Casa Robie (21010)

  • Producto descontinuado

Datos

  • Arquitecto: Frank Lloyd Wright
  • Tipo de construcción: Residencia 
  • Coste: 60.000 dólares
  • Detalles: 841,9 m2 
  • Situación: Chicago, Illinois (EE. UU.)
  • Materiales: Vigas de acero y ladrillo romano decorado con hierro 
  • Estilo: Prairie
  • Año: 1908 – 1910

Historia

Es difícil, si no imposible, hablar de arquitectura moderna americana o arquitectura internacional sin mencionar la casa de Frederick C. Robie™.

La propia geografía del terreno contribuyó a determinar el diseño de Frank Lloyd Wright. Con una extensión de 18 x 55 metros, la propiedad, situada en una esquina, era tres veces más larga que ancha. Tales dimensiones condujeron a Wright a concebir la casa basándose en dos rectángulos largos y estrechos. Vistos desde arriba, los dos rectángulos son fáciles de ver; sin embargo, desde la calle, se funden formando lo que parece una única estructura continua horizontal.

La Casa Robie fue una de las primeras residencias en incorporar vigas de acero directamente en su diseño. Las resistentes vigas de los techos y pisos eran necesarias para crear los balcones voladizos, que parecen suspendidos en el aire. Ya que las vigas de acero soportan también la mayor parte del peso del edificio, las paredes exteriores desempeñan una función estructural muy ligera, lo que, a su vez, permitió a Wright decorarlas con un gran número de puertas y ventanas.

En total, el edificio ocupa, aproximadamente, 841,9 metros cuadrados. La puerta delantera y entrada principal se ocultó deliberadamente en el extremo noroeste del edificio, bajo un balcón voladizo, con objeto de proporcionar privacidad.

Arquitecto

En 1908, Frederick C. Robie, un joven y ambicioso empresario de Chicago, decidió que quería construir un hogar “robusto, funcional y marcadamente moderno” para su familia en Hyde Park, un elegante vecindario en el que se encuentra el campus de la Universidad de Chicago.

Robie quería una casa con luz abundante y buenas vistas de los alrededores, pero que mantuviera también la privacidad de su familia.
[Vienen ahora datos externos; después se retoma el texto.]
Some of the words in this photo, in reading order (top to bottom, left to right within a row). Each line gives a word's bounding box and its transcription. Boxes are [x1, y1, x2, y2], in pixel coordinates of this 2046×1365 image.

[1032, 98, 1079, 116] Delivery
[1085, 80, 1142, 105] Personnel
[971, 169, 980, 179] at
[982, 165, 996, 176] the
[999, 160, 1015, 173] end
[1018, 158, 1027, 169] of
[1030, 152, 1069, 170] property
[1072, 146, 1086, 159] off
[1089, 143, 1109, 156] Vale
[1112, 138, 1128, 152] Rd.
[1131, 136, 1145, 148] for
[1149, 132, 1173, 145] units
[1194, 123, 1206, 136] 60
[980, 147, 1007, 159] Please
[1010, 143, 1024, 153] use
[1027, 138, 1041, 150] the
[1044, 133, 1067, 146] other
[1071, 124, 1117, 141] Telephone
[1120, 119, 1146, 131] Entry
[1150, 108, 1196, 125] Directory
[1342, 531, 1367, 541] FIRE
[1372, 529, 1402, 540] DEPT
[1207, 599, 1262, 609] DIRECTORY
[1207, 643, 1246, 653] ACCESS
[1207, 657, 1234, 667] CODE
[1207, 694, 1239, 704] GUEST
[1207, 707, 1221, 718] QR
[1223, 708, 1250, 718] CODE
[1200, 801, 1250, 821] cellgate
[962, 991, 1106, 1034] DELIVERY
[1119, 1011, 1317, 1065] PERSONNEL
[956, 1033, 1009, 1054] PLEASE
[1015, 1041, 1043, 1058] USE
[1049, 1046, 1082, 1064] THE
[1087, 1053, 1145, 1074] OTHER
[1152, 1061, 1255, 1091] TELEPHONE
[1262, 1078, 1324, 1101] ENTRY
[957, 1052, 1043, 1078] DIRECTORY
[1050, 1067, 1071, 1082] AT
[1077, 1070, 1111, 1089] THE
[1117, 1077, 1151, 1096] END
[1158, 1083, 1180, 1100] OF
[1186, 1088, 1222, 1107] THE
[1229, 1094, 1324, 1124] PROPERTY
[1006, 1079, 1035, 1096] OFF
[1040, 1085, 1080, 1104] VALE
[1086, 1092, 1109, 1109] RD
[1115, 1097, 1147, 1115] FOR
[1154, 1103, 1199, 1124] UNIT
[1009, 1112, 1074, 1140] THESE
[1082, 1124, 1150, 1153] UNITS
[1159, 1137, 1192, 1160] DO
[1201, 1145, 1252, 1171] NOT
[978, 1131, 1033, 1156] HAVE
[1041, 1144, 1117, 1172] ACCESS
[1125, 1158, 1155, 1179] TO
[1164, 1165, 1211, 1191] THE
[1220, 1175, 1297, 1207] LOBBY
No le gustaban los cuartos pequeños y pensaba que los espacios diáfanos eran fundamentales en una casa bien diseñada. En Frank Lloyd Wright encontró un arquitecto que no sólo estaba de acuerdo con tales ideales, sino que podía transformarlos en una expresión física exclusiva.

El que algunos consideran el arquitecto más grande de América fue sin duda uno de los más inteligentes del mundo y también un hombre que desbordaba energía. A lo largo de su carrera, de 74 años de duración, diseñó más de 900 edificios. Casas, oficinas, iglesias, escuelas, bibliotecas, puentes y museos componen, junto a construcciones de otros muchos tipos, su obra.

Ningún otro arquitecto ha conseguido sacar tanto partido del contexto y el entorno de sus obras. Ningún otro arquitecto ha conseguido glorificar la sensación de “refugio” en la medida en la que lo consiguió Wright. “Un edificio no es sólo un lugar para estar, es un lugar para ser”, dijo. La obra de Wright (y más aún la Casa Robie) ha soportado el paso del tiempo.